Le meduse nomadiche hanno causato chiusure di spiagge e danni al turismo, ma anche stimolato nuovi studi su possibili utilizzi farmaceutici delle loro tossine.
Risposte e strategie di gestione
Affrontare la tropicalizzazione del Mediterraneo richiede un approccio multilivello: monitoraggio costante, interventi di controllo, sensibilizzazione pubblica e cooperazione internazionale. Alcuni Paesi stanno promuovendo la raccolta sistematica delle specie invasive, altri puntano su progetti per il ripristino degli habitat autoctoni.
La tecnologia offre strumenti preziosi: droni subacquei, sistemi di allerta precoce, modelli predittivi basati su intelligenza artificiale e citizen science, ovvero il coinvolgimento diretto di pescatori, subacquei e cittadini nella segnalazione di nuove specie.

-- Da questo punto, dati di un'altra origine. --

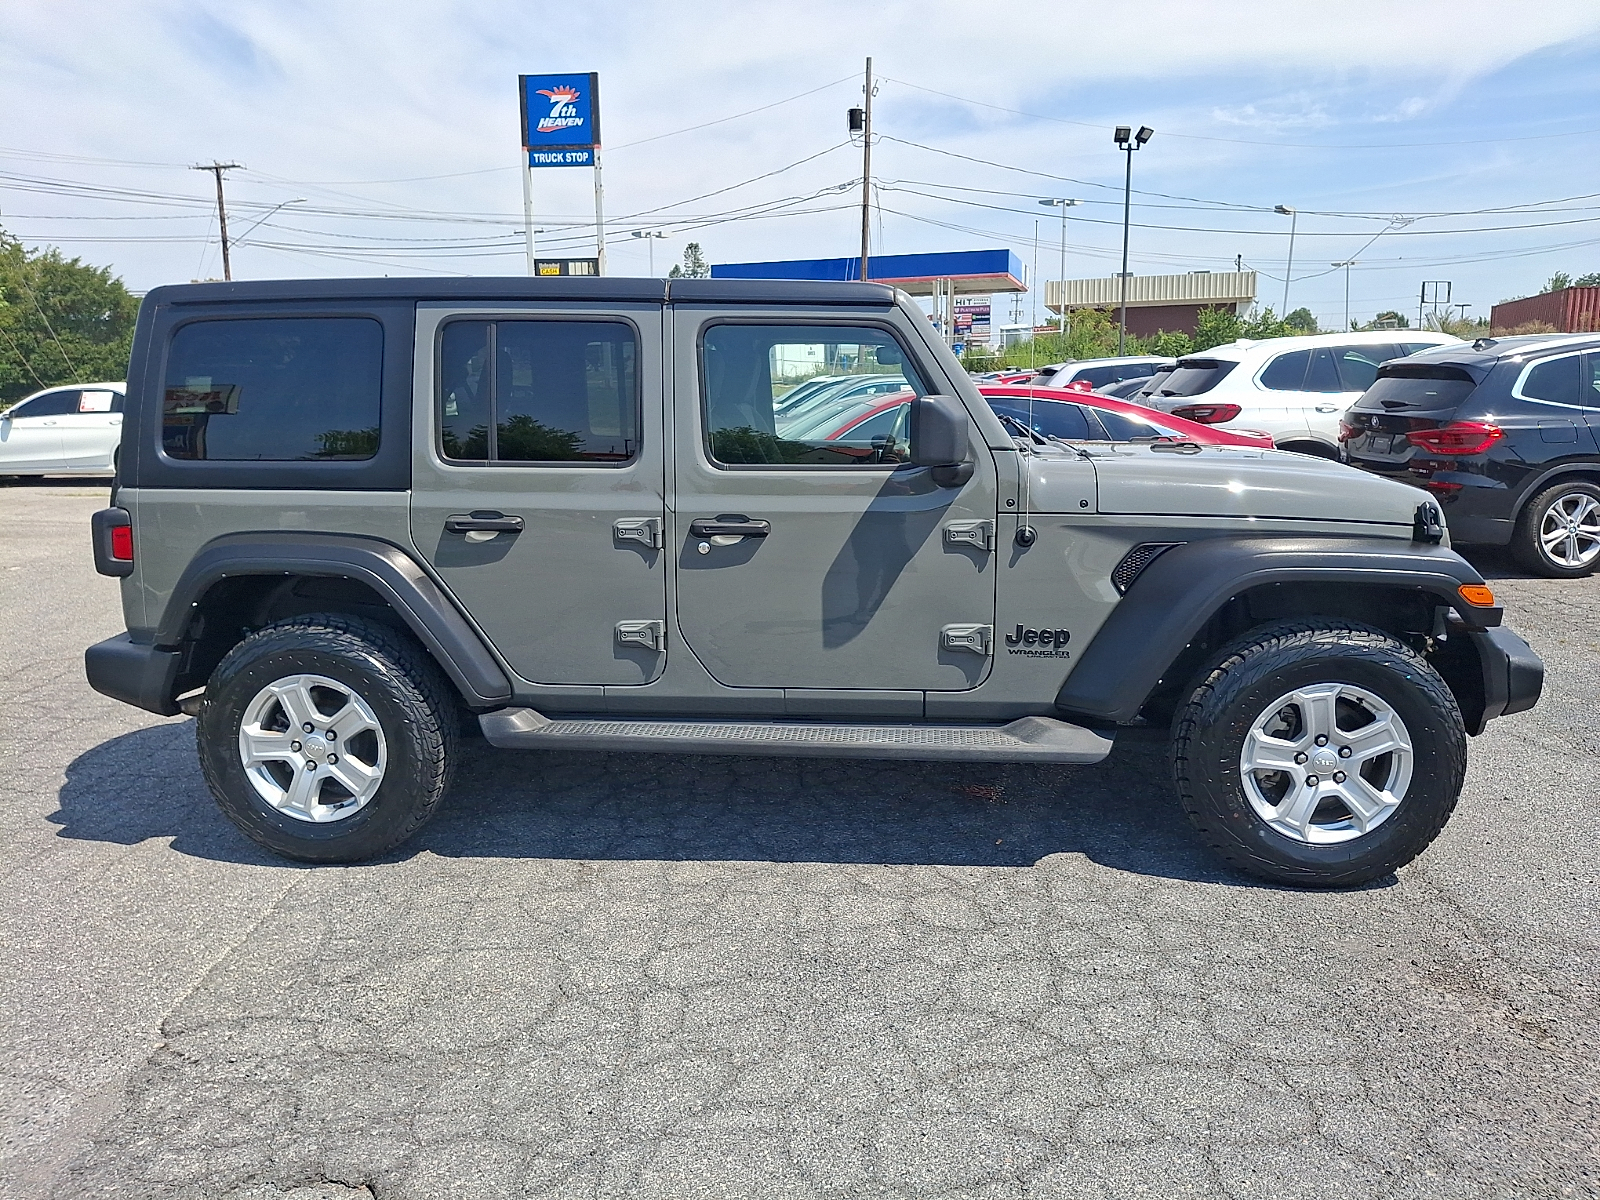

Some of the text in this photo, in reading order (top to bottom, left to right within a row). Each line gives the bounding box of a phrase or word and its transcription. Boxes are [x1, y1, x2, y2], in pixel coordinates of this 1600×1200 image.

[550, 94, 577, 118] 7th
[538, 117, 584, 129] HEAVEN
[533, 152, 589, 163] TRUCK STOP
[955, 298, 973, 306] HIT
[1005, 623, 1071, 649] Jeep
[1008, 648, 1070, 656] WRANGLER

Anche l’educazione ambientale gioca un ruolo chiave: conoscere per tutelare. Campagne di informazione, escursioni guidate e materiali didattici aiutano a diffondere la consapevolezza dei rischi e delle opportunità legati alle nuove presenze nel mare.
Per mitigare gli effetti della tropicalizzazione, anche il Wwf promuove una campagna di protezione del mar Mediterraneo. L’obiettivo è fare in modo che il 30% del Mare Nostrum sia protetto in maniera efficace entro il 2030.